A wird voraussichtlich in den meisten Fällen mit der Bereitschaft, anderen zu helfen, in die Begegnung gehen. Sollte er keine ähnlich gelagerte Hilfe erhalten, so kann er – so seine Überlegung – vielleicht vom Nächsten oder Übernächsten Hilfe und Gewinn erhalten (Nowak zitiert hier den barmherzigen Samariter in der Bibel). Auf lange Sicht zahlt sich also die Hilfe aus. Möglicherweise reduziert ein Individuum sogar die eigene Fitness, um im Gegenzug jene des anderen zu erhöhen.

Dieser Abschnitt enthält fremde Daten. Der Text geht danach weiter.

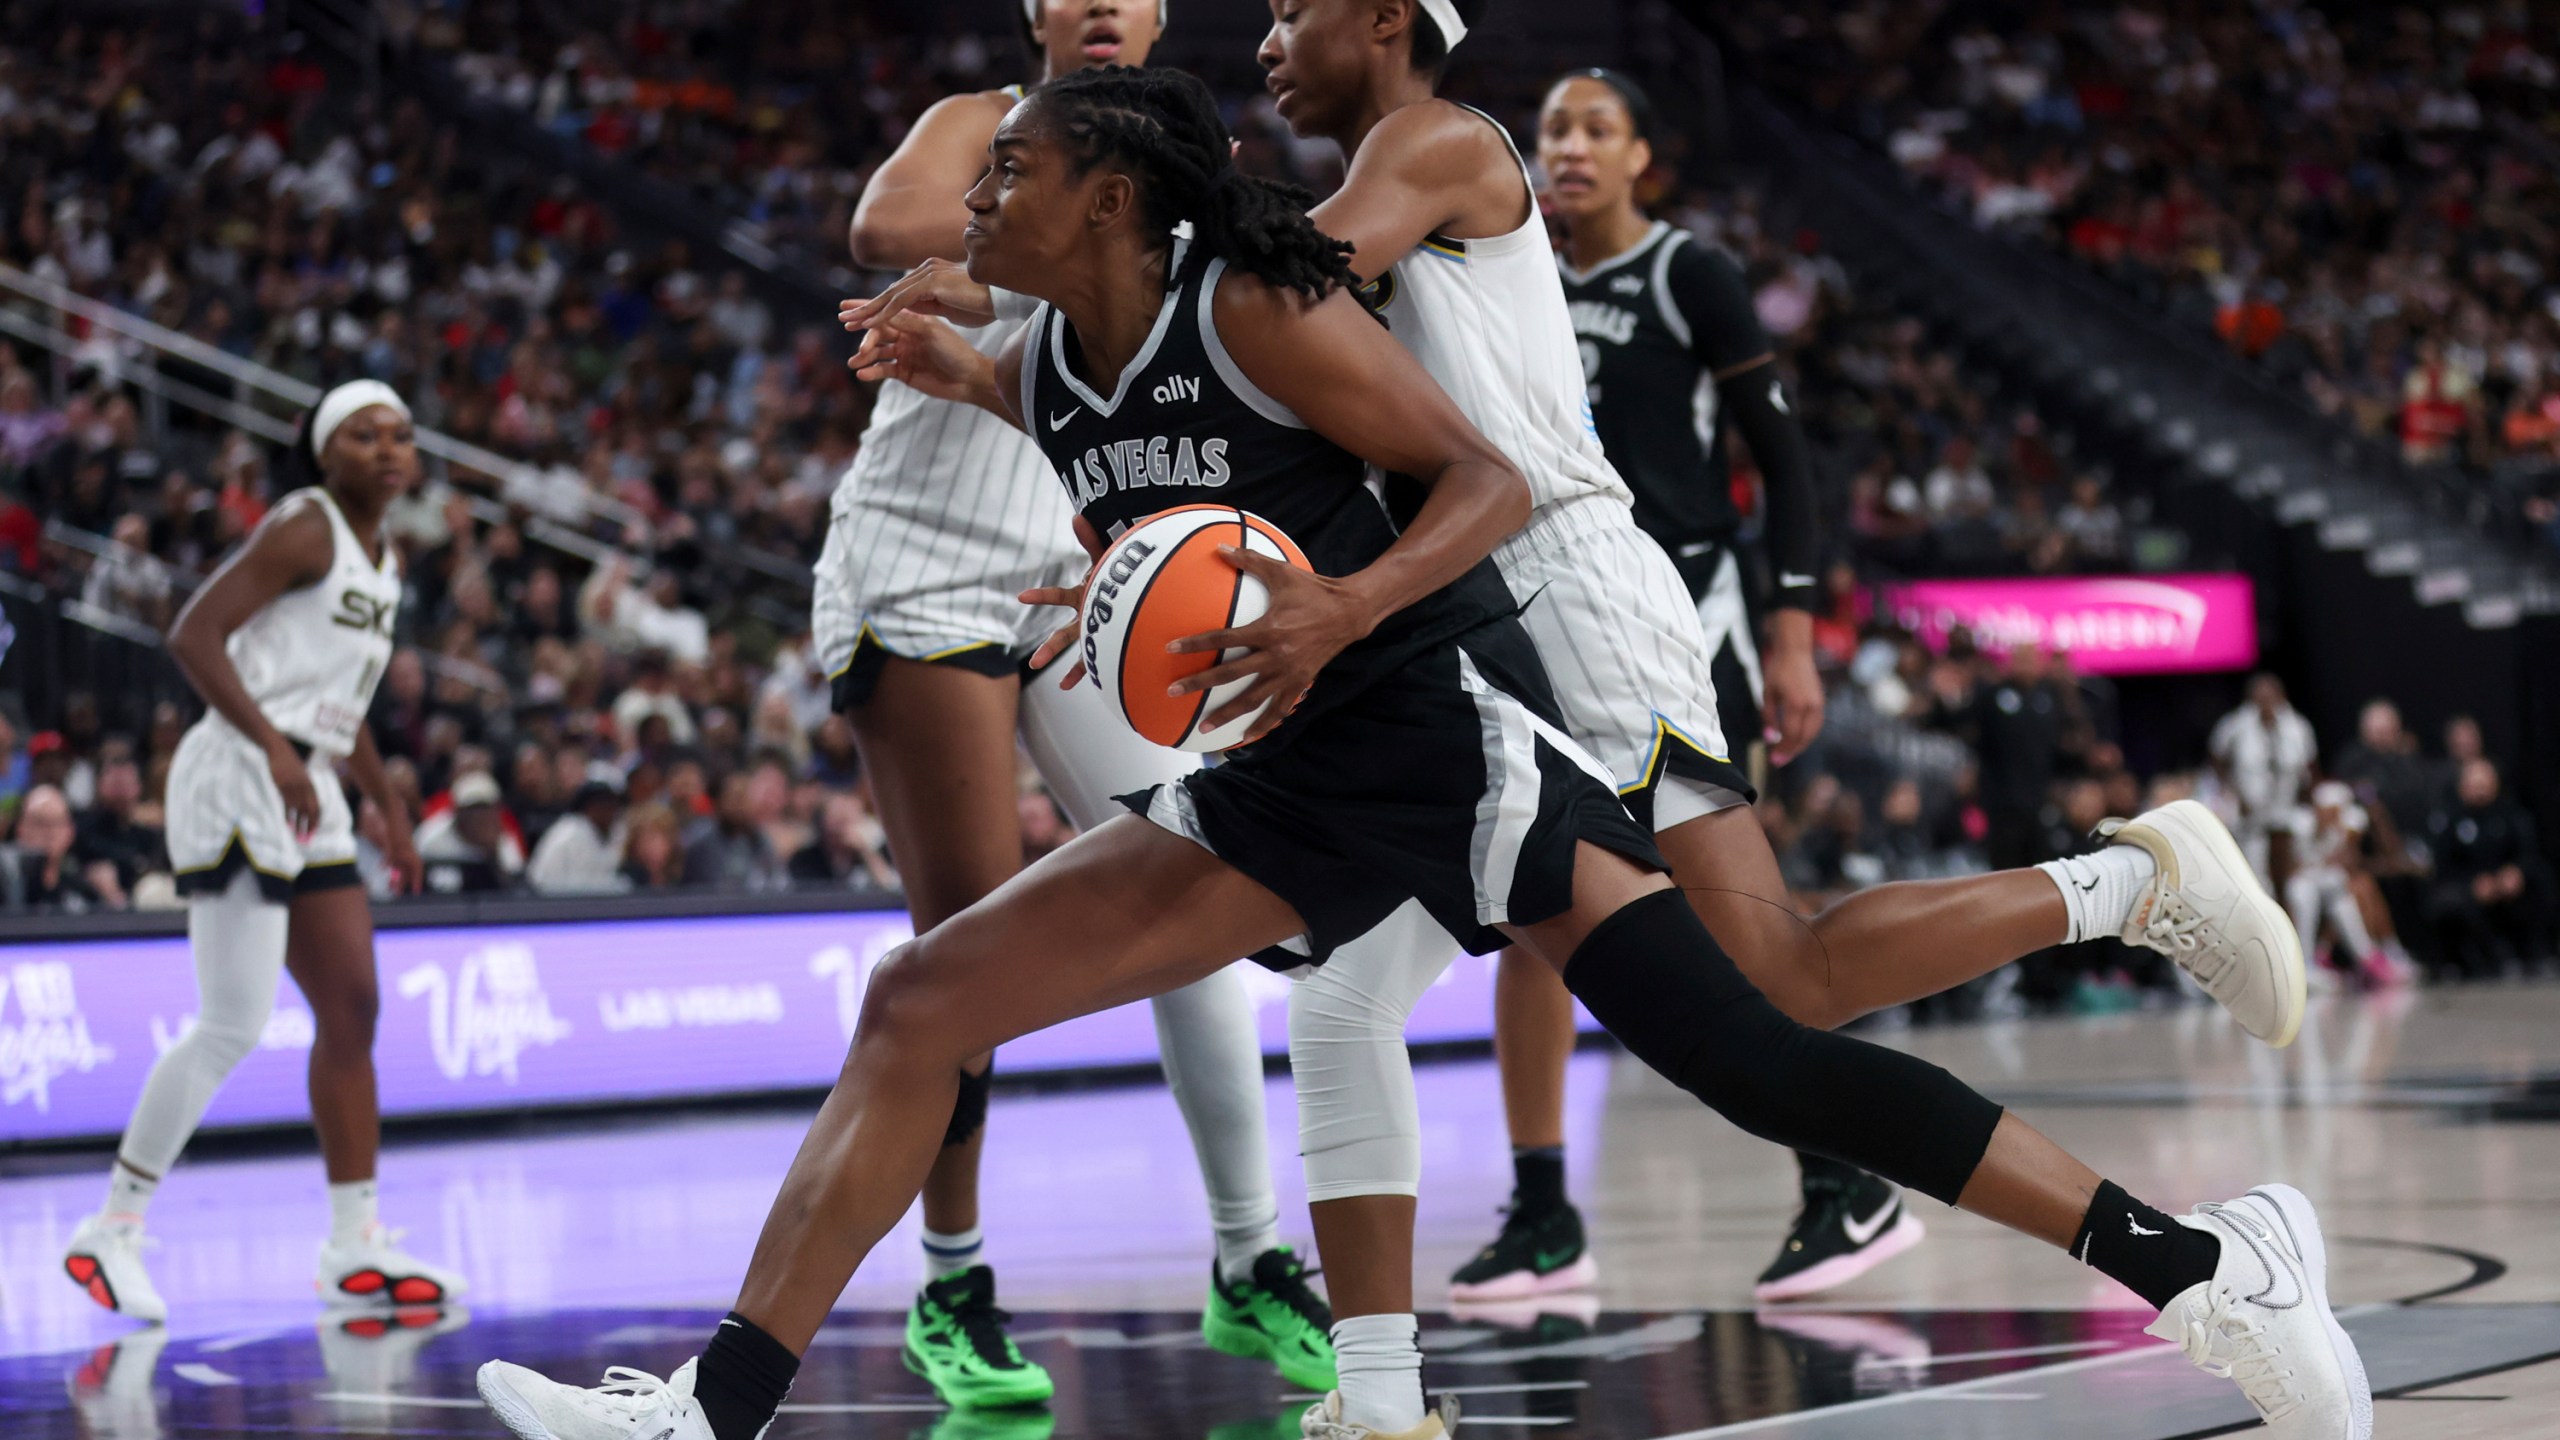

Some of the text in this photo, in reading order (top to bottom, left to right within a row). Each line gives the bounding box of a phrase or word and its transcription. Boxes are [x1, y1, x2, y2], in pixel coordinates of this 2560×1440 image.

Dilemma für den Spieler A. Nowak verweist auch auf ein „Dilemma“. Nach der rationalen Analyse würde zwar B den Gewinn annehmen, einen derartigen für A aber seinerseits verweigern – warum soll er auch sein Gegenüber belohnen? „Deswegen benötigt die natürliche Selektion auch eine Hilfe“ – für den Fall, dass bei einem Neuankömmling die beiderseitige Interaktion ungewiss ist. Weitaus sicherer ist diese deshalb bei der Verwandschaftsselektion (Hilfe in der Großfamilie), der räumlichen Selektion (Hilfe in einem zuvor gebildeten Cluster) oder der Gruppenselektion.

Geber und Rezipient: Die Wechselwirkung zwischen zwei Individuen ist somit für Martin Nowak der Ausgangspunkt jeder Entwicklung. Wobei die Sprache ein beschleunigtes Mittel darstellt. „Ich kann meine Idee dem anderen mitteilen und muss nicht warten, bis sich diese per Evolution durchsetzt“, sagt Nowak. Die Mitteilung von A für B kann natürlich auch fehlerhaft sein, doch auch derartige Rückschläge sind in der Reihe der Mutationen durchaus der Fall. Doch ist dies zumeist die Ausnahme.

Der gebürtige Klosterneuburger Martin Nowak forscht und lehrt seit 2003 an der Harvard University. Für ihn ist die Kooperation gemeinsam mit der Mutation und der Selektion das dritte Grundprinzip der Evolution.